On Fri, Dec 04, 2009 at 02:20:44PM +0100, WoMax wrote:
> If there is a solution for UMTS (W-CDMA) coming, we don't need the expensive
> nanoBTS anymore.

Yes and no.  UMTS Node-B's and Home-Node-B are 3G only, i.e. will not work
with the > 66% of all the phones that are actively in use even in developed
countries.

> BTW I've still one for sale ... see at http://umts.zerber.us

I would like to kindly ask you to refrain from further advertising your
product sales on this mailing list.  I think people will easily find your
messages in the archives.

And no, I have no commercial motivation.  BS-11 are sold out, and I think
even for those I've never really actively made advertisements on this list.

> There are cheap W-CDMA BTS's out there, like Netgear DVG834GH, AT&T  3G
> Microcell, Alcatel-Lucent 9365 or the Vodafone Access Gateway you can buy in
> England for just 160 GBP each.

We're very well aware about this. Dieter, myself and others have been
playing around with them a bit.  Biggest issue is that there is no standard
protocol like A-bis, and every vendor seems to have its own proprietary
hacks.  There actually is a IuH standard protocol, but that doesn't seem
to be used much [yet?].

> All the femtocell's I know have built in GPS for timebase and security
> reason, so there is a lot to do for our purpose ...

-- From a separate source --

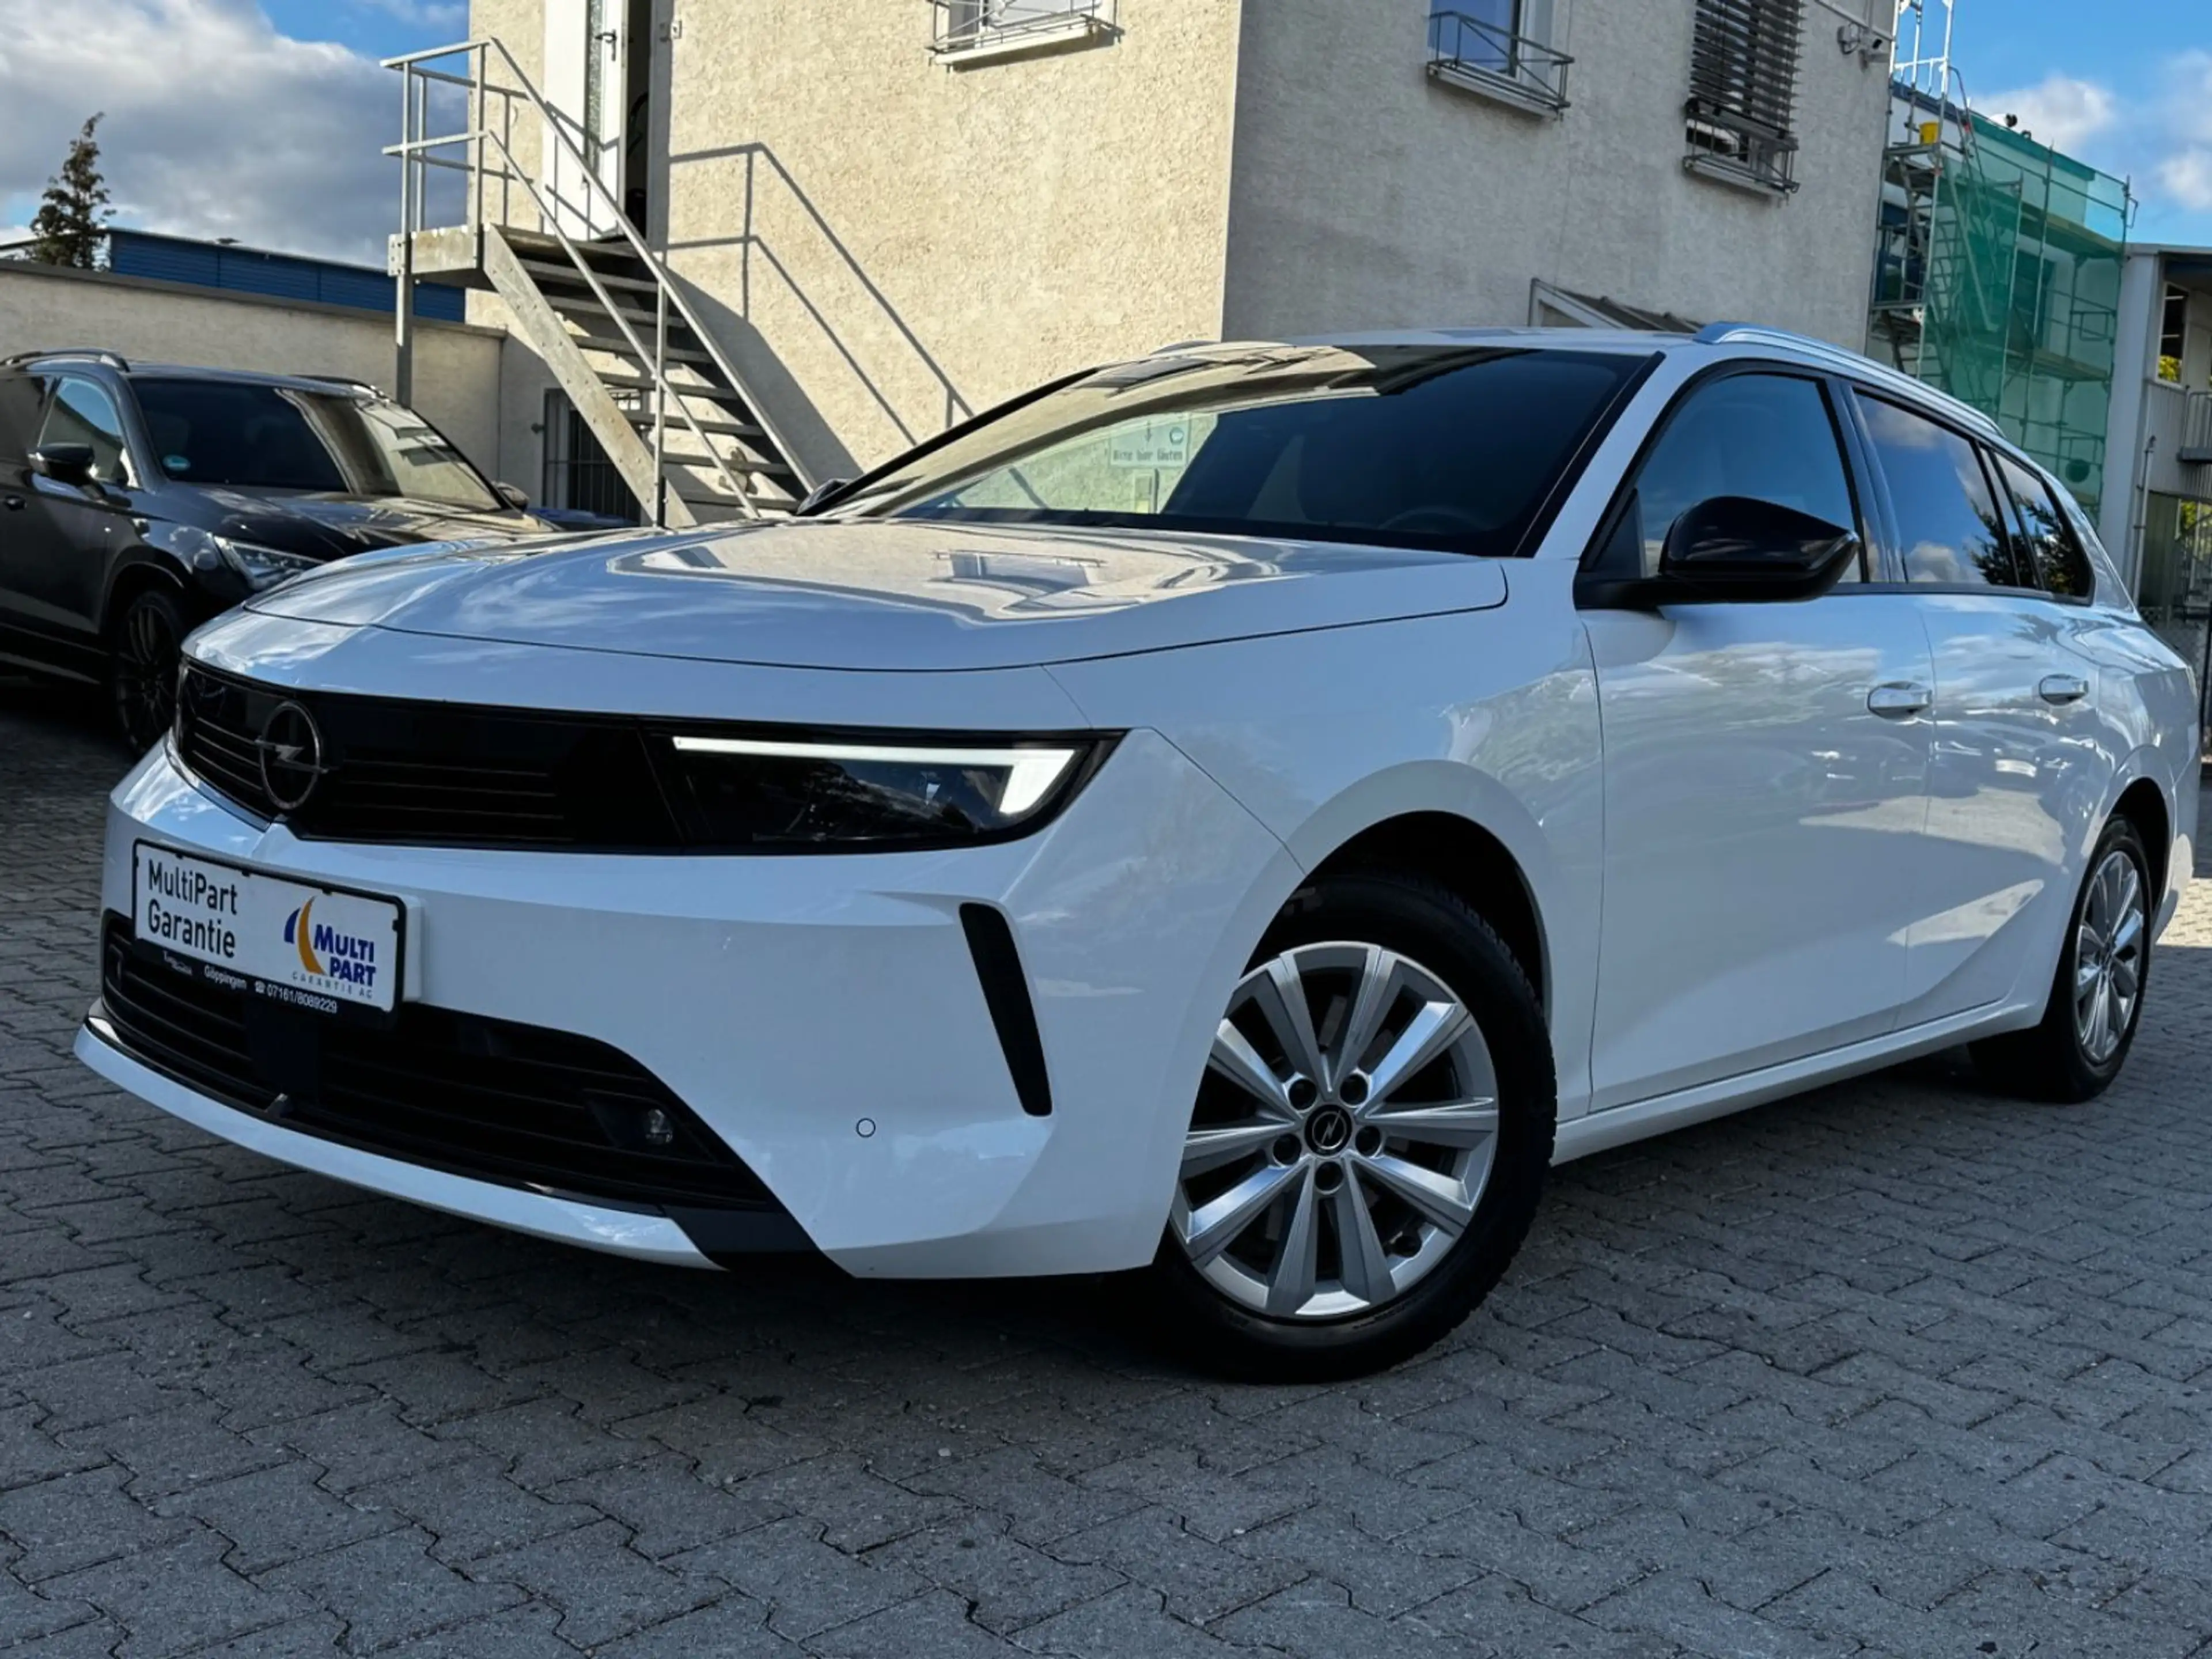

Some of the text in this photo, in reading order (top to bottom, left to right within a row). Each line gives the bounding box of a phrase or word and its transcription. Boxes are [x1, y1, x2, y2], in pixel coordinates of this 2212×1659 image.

At least one in the list that you have indicated above does not have GPS
but rather a GSM modem for that purpsoe.  Also, the security is implemented
in the core network (HMB gateway or beyond), not in the femtocells themselves.

> I guess the future is W-CDMA and I hope there will be openUMTS available
> soon ;-)

I'm not so sure.  The capacity of those units is typically also very limited,
as well as the transmit power... it always depends on the application.

The biggest challenge for working with 3G is ASN.1 PER, as I have indicated
in my blog.  The only open source asn.1 tool that support all the required
language features, as well as PER aligned and unaligned encoding is asn1ct,
part of the Erlang distribution.  And while Erlang might be a great programming
language, it is exotic and not many people know how to program it.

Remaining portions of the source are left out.